• Exercise brief
Under this task are some entries; return every one of them exactly.

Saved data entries
☆ ☆ ☆ ☆ ☆ ☆ ☆

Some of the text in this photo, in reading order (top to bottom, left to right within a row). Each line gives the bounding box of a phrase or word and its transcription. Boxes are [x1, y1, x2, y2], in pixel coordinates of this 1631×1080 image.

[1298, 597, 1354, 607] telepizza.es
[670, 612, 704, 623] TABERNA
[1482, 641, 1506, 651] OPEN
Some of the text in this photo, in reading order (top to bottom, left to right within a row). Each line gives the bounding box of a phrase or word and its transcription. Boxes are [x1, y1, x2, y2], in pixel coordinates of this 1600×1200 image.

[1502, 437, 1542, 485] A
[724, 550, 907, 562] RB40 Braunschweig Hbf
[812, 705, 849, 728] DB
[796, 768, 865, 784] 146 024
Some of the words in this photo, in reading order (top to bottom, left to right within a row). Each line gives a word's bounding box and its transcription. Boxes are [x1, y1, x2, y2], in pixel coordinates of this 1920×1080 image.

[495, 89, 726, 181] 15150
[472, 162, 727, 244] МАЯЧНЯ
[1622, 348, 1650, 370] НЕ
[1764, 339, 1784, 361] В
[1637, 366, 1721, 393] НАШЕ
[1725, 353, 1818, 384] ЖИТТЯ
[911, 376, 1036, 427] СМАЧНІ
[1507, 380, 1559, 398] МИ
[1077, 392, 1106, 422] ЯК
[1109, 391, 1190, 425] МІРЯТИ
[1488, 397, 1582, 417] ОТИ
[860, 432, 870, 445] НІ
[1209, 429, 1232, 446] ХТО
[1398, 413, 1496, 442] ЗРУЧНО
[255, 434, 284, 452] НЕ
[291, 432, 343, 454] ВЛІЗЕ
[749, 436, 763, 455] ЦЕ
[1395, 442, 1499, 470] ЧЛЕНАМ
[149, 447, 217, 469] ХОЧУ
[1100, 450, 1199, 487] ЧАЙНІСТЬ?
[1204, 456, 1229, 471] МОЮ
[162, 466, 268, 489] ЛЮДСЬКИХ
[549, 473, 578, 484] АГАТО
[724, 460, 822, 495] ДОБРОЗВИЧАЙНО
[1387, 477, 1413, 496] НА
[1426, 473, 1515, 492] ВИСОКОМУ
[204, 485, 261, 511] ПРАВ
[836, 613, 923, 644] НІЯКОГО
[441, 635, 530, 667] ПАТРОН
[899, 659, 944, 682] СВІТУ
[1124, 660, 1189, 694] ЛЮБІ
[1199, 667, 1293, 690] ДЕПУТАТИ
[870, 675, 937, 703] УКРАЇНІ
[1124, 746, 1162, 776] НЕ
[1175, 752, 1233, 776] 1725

☆ ☆ ☆ ☆ ☆ ☆ ☆

• Result of the exercise
Some of the text in this photo, in reading order (top to bottom, left to right within a row). Each line gives the bounding box of a phrase or word and its transcription. Boxes are [x1, y1, x2, y2], in pixel coordinates of this 1631×1080 image.

[1298, 597, 1354, 607] telepizza.es
[670, 612, 704, 623] TABERNA
[1482, 641, 1506, 651] OPEN
Some of the text in this photo, in reading order (top to bottom, left to right within a row). Each line gives the bounding box of a phrase or word and its transcription. Boxes are [x1, y1, x2, y2], in pixel coordinates of this 1600×1200 image.

[1502, 437, 1542, 485] A
[724, 550, 907, 562] RB40 Braunschweig Hbf
[812, 705, 849, 728] DB
[796, 768, 865, 784] 146 024
Some of the words in this photo, in reading order (top to bottom, left to right within a row). Each line gives a word's bounding box and its transcription. Boxes are [x1, y1, x2, y2], in pixel coordinates of this 1920×1080 image.

[495, 89, 726, 181] 15150
[472, 162, 727, 244] МАЯЧНЯ
[1622, 348, 1650, 370] НЕ
[1764, 339, 1784, 361] В
[1637, 366, 1721, 393] НАШЕ
[1725, 353, 1818, 384] ЖИТТЯ
[911, 376, 1036, 427] СМАЧНІ
[1507, 380, 1559, 398] МИ
[1077, 392, 1106, 422] ЯК
[1109, 391, 1190, 425] МІРЯТИ
[1488, 397, 1582, 417] ОТИ
[860, 432, 870, 445] НІ
[1209, 429, 1232, 446] ХТО
[1398, 413, 1496, 442] ЗРУЧНО
[255, 434, 284, 452] НЕ
[291, 432, 343, 454] ВЛІЗЕ
[749, 436, 763, 455] ЦЕ
[1395, 442, 1499, 470] ЧЛЕНАМ
[149, 447, 217, 469] ХОЧУ
[1100, 450, 1199, 487] ЧАЙНІСТЬ?
[1204, 456, 1229, 471] МОЮ
[162, 466, 268, 489] ЛЮДСЬКИХ
[549, 473, 578, 484] АГАТО
[724, 460, 822, 495] ДОБРОЗВИЧАЙНО
[1387, 477, 1413, 496] НА
[1426, 473, 1515, 492] ВИСОКОМУ
[204, 485, 261, 511] ПРАВ
[836, 613, 923, 644] НІЯКОГО
[441, 635, 530, 667] ПАТРОН
[899, 659, 944, 682] СВІТУ
[1124, 660, 1189, 694] ЛЮБІ
[1199, 667, 1293, 690] ДЕПУТАТИ
[870, 675, 937, 703] УКРАЇНІ
[1124, 746, 1162, 776] НЕ
[1175, 752, 1233, 776] 1725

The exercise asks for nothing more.